MECHANICAL ENGINEERING (MECHE) Interviewee: Kamar Godoy ’22 from Hawthorne, CA If you like fiddling with gadgets, this last major will really grind your gears (in a good way). If I were to describe mechanical engineering (MechE) in one word, it would be “tangible.” This major involves a lot of hands-on work. MechE deals with anything involving heat transfer, design, and movement in a mechanical system. In other words, mechanical engineers figure out how machines and devices work. Anything from car parts to a dishwasher to bike gears—these are all designed, built, and improved by mechanical engineers. Tufts students learn about mechanics, thermodynamics, material science, micro/nanoelectromechanical systems. They also learn about engineering ethics and how to design projects that will have a global impact. After all, since machinery is everywhere, no industry is beyond the scope of mechanical engineering. Students are encouraged to look beyond gears and levers by branching out into the worlds of sustainable energy, biological systems, and the human brain. No wonder it’s the most popular engineering major at Tufts! To get hands-on experience in a hands-on major, Tufts students can participate in our co-op program.

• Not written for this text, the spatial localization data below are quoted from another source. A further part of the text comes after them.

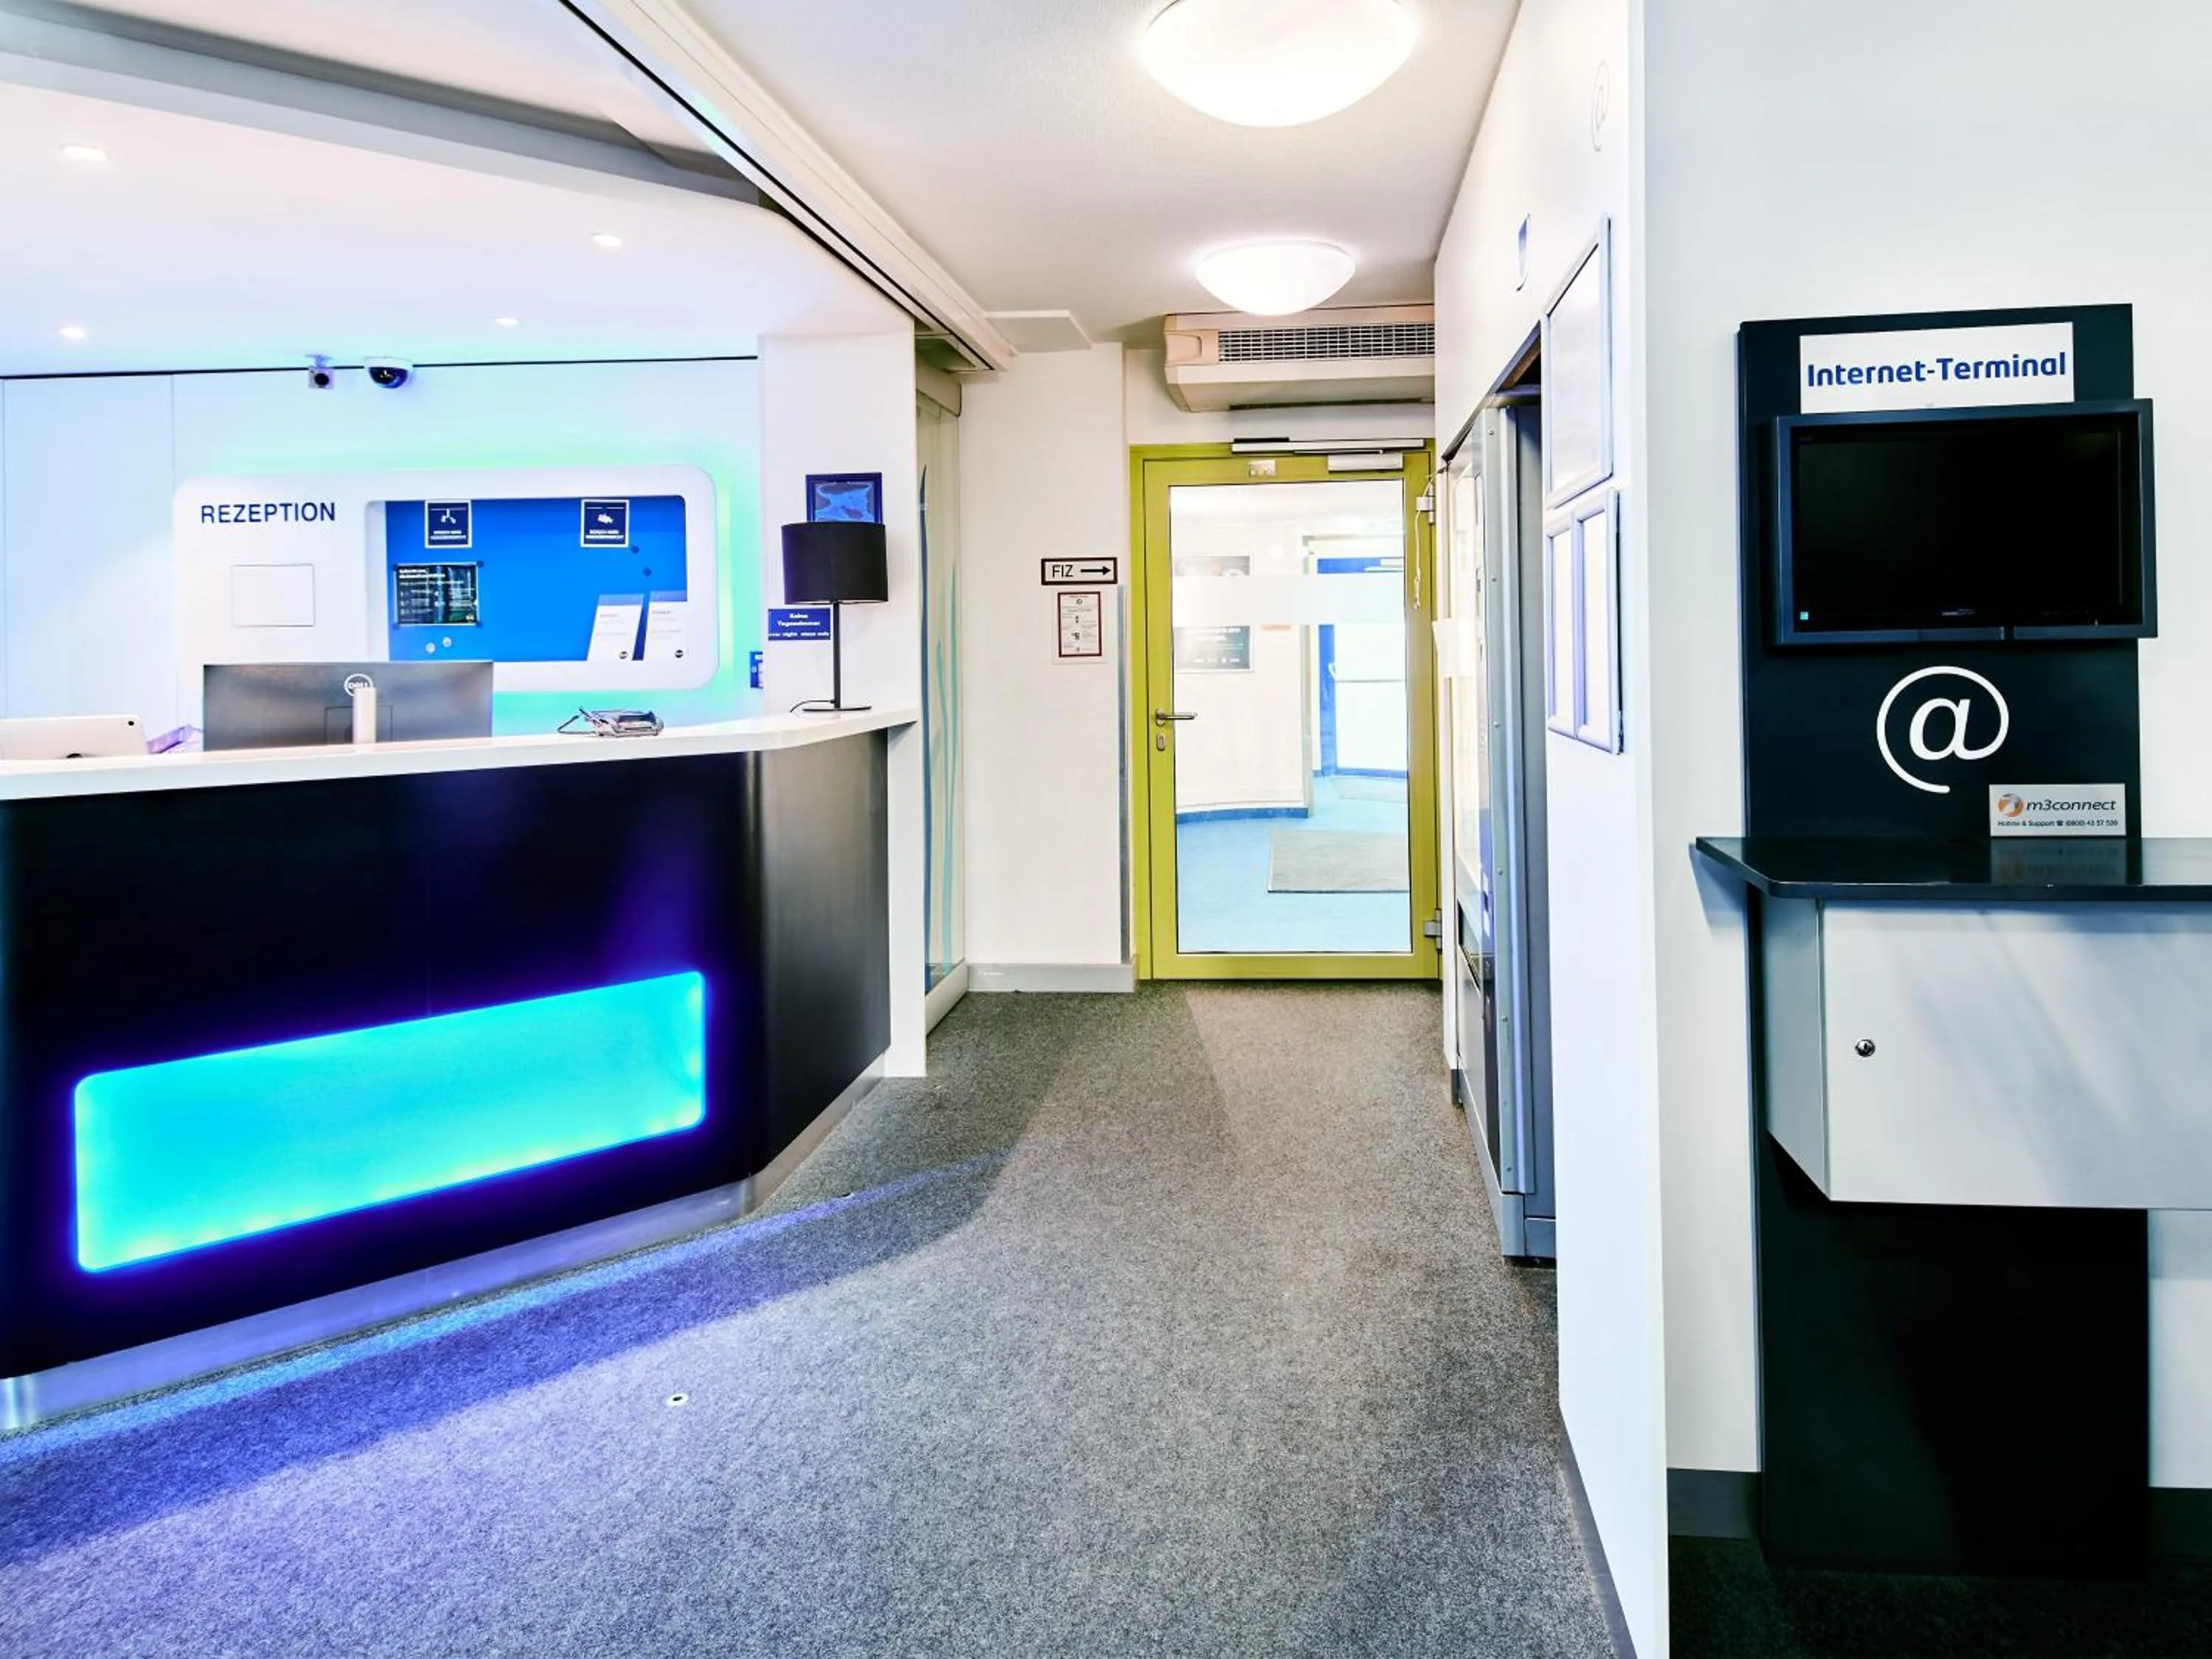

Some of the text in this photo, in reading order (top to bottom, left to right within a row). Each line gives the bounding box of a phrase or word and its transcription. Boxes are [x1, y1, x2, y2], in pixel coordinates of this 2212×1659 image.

[1807, 352, 2065, 387] Internet-Terminal
[201, 502, 335, 524] REZEPTION
[1051, 563, 1074, 578] FIZ
[1877, 666, 2009, 793] @
[2026, 799, 2116, 811] m3connect

They can also complete projects in design labs and machine shops. The Bray Lab and Nolop FAST Facility are some of the most popular makerspaces visited by our MechE students, who take full advantage of the state-of-the-art equipment. Recently, students have made a medical prosthesis called the iWalker 2.0 and designed air-sensitive sensors for COVID-19 respirators. Others are working on an exoskeleton made with soft robotics, and many more are researching small search and rescue robot designs.

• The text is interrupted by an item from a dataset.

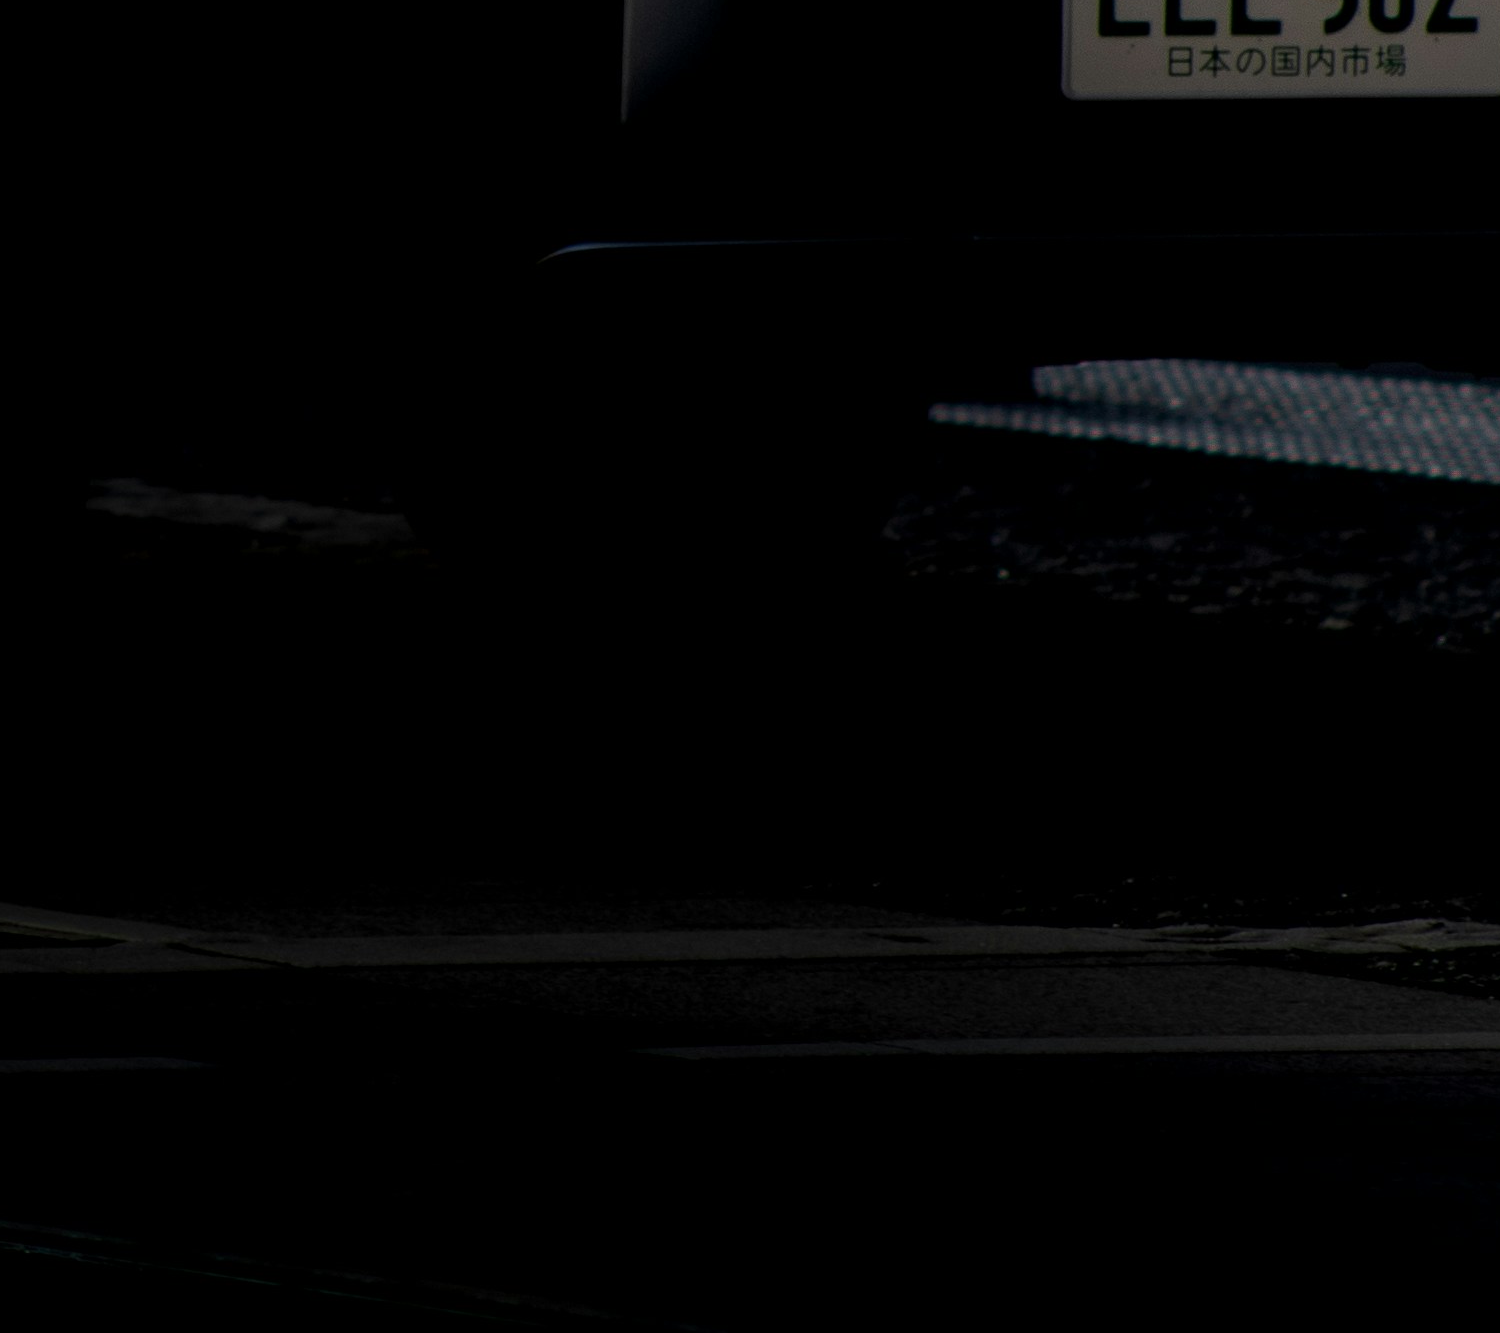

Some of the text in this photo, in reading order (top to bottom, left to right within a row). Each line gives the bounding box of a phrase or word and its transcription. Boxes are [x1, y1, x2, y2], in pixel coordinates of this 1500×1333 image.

[1167, 45, 1408, 78] 日本の国内市場

If you’re still reading this, congratulations! You have the stick-to-itiveness necessary to be an engineer. You’re certainly more knowledgeable than I was when I was in your shoes. So, can we consider this “major conundrum” resolved? Phew! Now, maybe one of these majors caught your attention. I encourage you to explore more! Be curious! Challenge yourself! And keep in mind, you don’t have to know which major is right for you when you apply to the School of Engineering. You have until the spring of your first year to declare, and there’s a ton of exploration beforehand. Who knows, perhaps one day you and I will collaborate to solve big world problems as fellow engineers.